→ TASK REQUIREMENTS: Copy the entries below exactly; any picture among them should be left out.

_ _ _

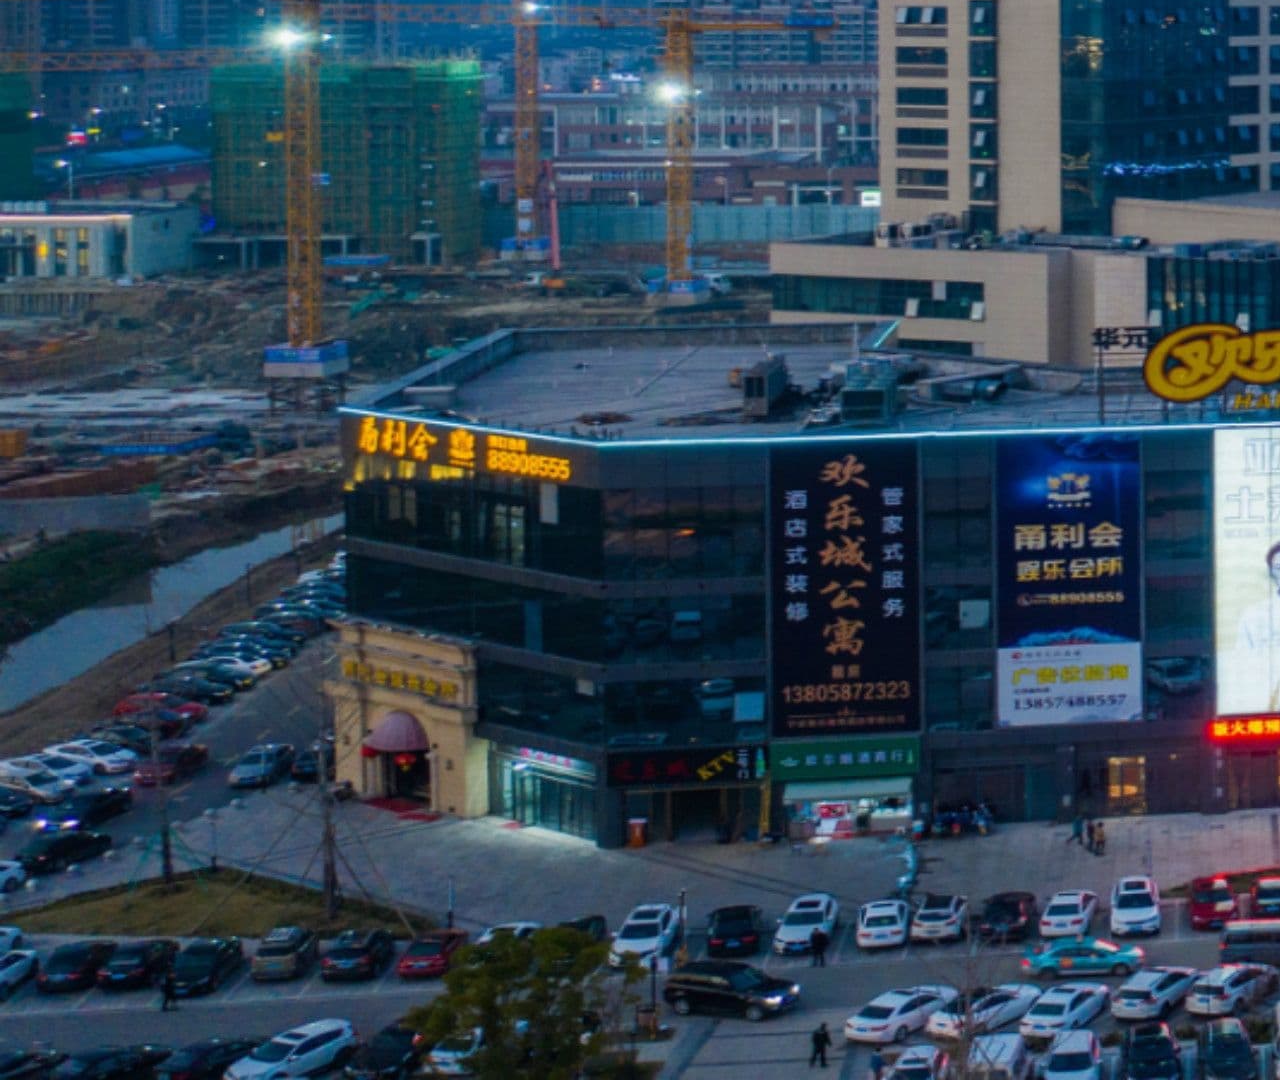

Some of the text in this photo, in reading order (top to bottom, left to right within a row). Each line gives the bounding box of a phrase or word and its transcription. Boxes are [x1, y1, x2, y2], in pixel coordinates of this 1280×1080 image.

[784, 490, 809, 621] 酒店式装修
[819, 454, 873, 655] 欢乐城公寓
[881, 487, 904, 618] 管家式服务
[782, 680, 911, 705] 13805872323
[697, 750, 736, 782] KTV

_ _ _

→ TASK SOLUTION:
Some of the text in this photo, in reading order (top to bottom, left to right within a row). Each line gives the bounding box of a phrase or word and its transcription. Boxes are [x1, y1, x2, y2], in pixel coordinates of this 1280×1080 image.

[784, 490, 809, 621] 酒店式装修
[819, 454, 873, 655] 欢乐城公寓
[881, 487, 904, 618] 管家式服务
[782, 680, 911, 705] 13805872323
[697, 750, 736, 782] KTV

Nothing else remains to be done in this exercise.